### Work instructions:
Output the listing word for word, minus images.

** Supplied data follows **

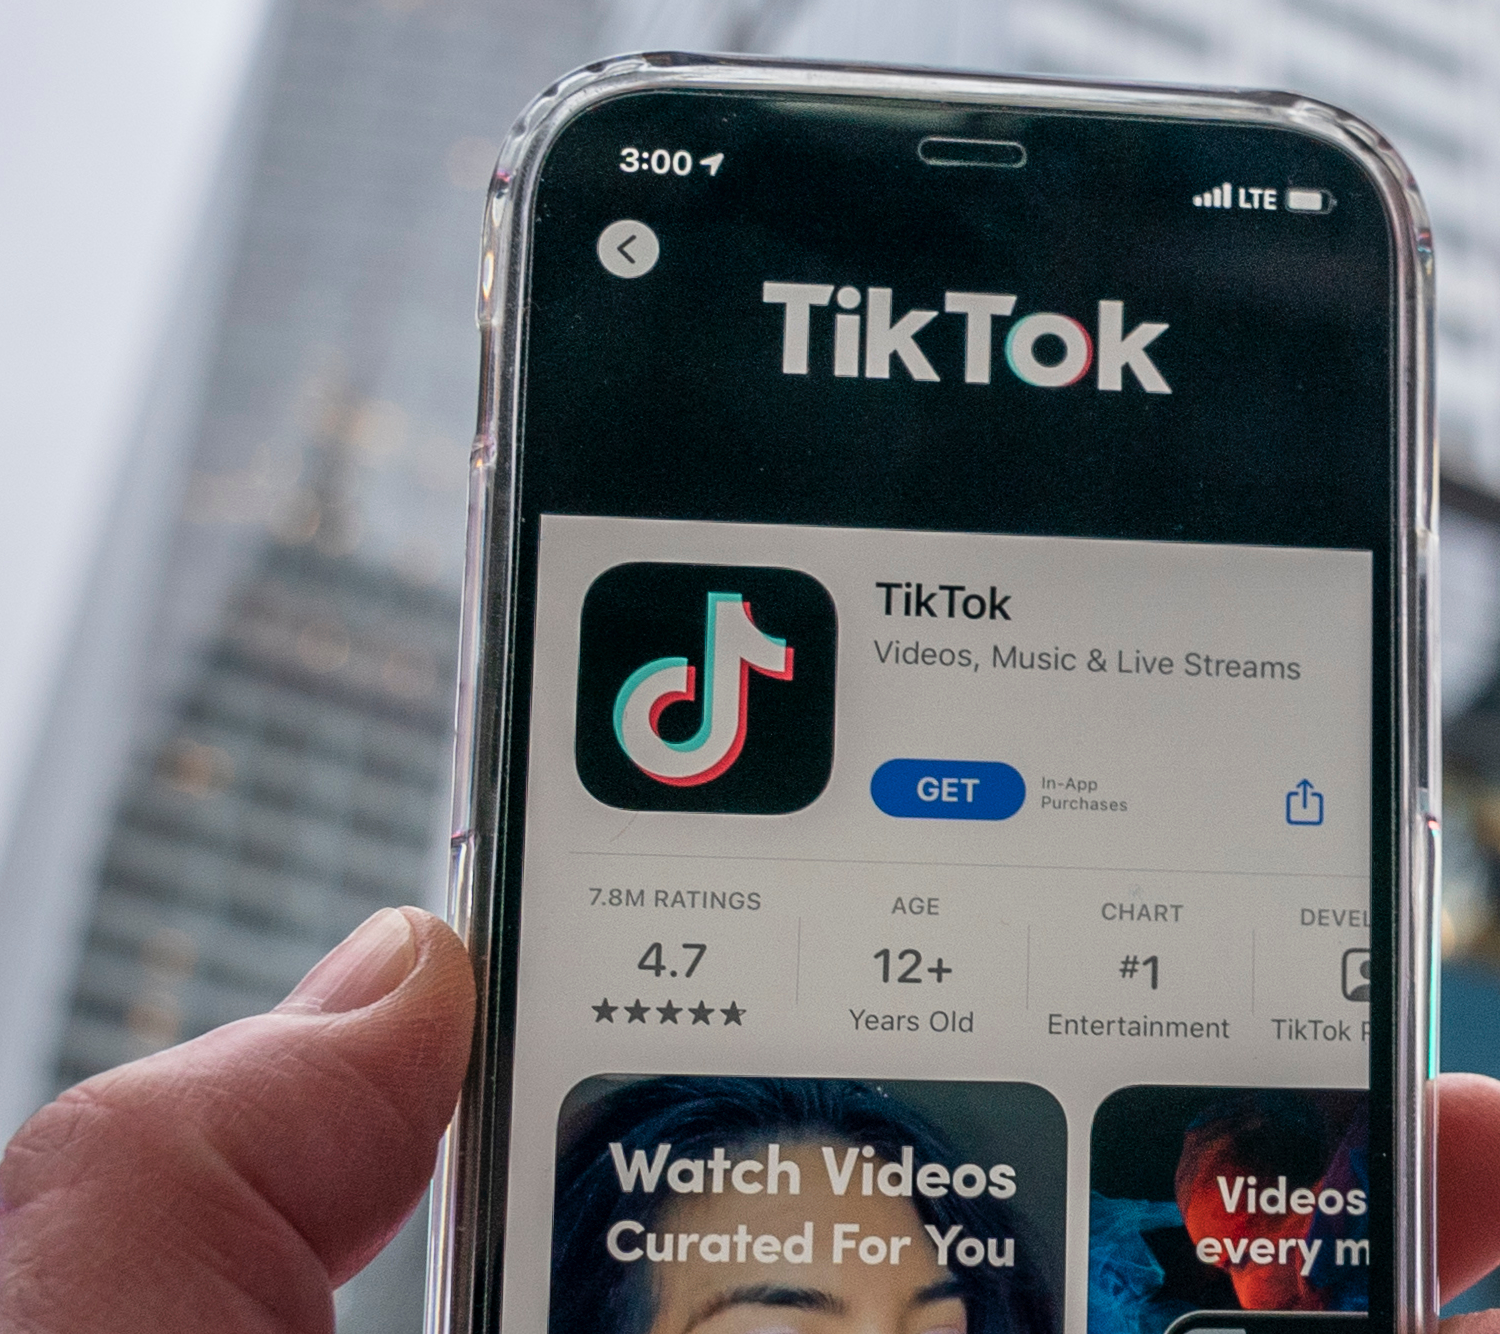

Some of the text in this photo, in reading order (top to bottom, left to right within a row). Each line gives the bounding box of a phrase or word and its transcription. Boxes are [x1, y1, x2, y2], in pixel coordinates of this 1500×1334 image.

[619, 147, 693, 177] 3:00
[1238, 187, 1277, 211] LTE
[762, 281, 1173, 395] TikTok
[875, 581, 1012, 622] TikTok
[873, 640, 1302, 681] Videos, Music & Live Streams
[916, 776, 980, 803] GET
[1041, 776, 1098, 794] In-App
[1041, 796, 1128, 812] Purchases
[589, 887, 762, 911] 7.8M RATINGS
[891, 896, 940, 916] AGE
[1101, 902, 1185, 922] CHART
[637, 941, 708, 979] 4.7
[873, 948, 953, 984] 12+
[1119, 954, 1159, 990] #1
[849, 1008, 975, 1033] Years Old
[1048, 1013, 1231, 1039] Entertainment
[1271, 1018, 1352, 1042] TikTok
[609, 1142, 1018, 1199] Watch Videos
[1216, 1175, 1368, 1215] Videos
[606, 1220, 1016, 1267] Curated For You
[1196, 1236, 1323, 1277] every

** End of Supplied data **

### Answer to this exercise:
Some of the text in this photo, in reading order (top to bottom, left to right within a row). Each line gives the bounding box of a phrase or word and its transcription. Boxes are [x1, y1, x2, y2], in pixel coordinates of this 1500×1334 image.

[619, 147, 693, 177] 3:00
[1238, 187, 1277, 211] LTE
[762, 281, 1173, 395] TikTok
[875, 581, 1012, 622] TikTok
[873, 640, 1302, 681] Videos, Music & Live Streams
[916, 776, 980, 803] GET
[1041, 776, 1098, 794] In-App
[1041, 796, 1128, 812] Purchases
[589, 887, 762, 911] 7.8M RATINGS
[891, 896, 940, 916] AGE
[1101, 902, 1185, 922] CHART
[637, 941, 708, 979] 4.7
[873, 948, 953, 984] 12+
[1119, 954, 1159, 990] #1
[849, 1008, 975, 1033] Years Old
[1048, 1013, 1231, 1039] Entertainment
[1271, 1018, 1352, 1042] TikTok
[609, 1142, 1018, 1199] Watch Videos
[1216, 1175, 1368, 1215] Videos
[606, 1220, 1016, 1267] Curated For You
[1196, 1236, 1323, 1277] every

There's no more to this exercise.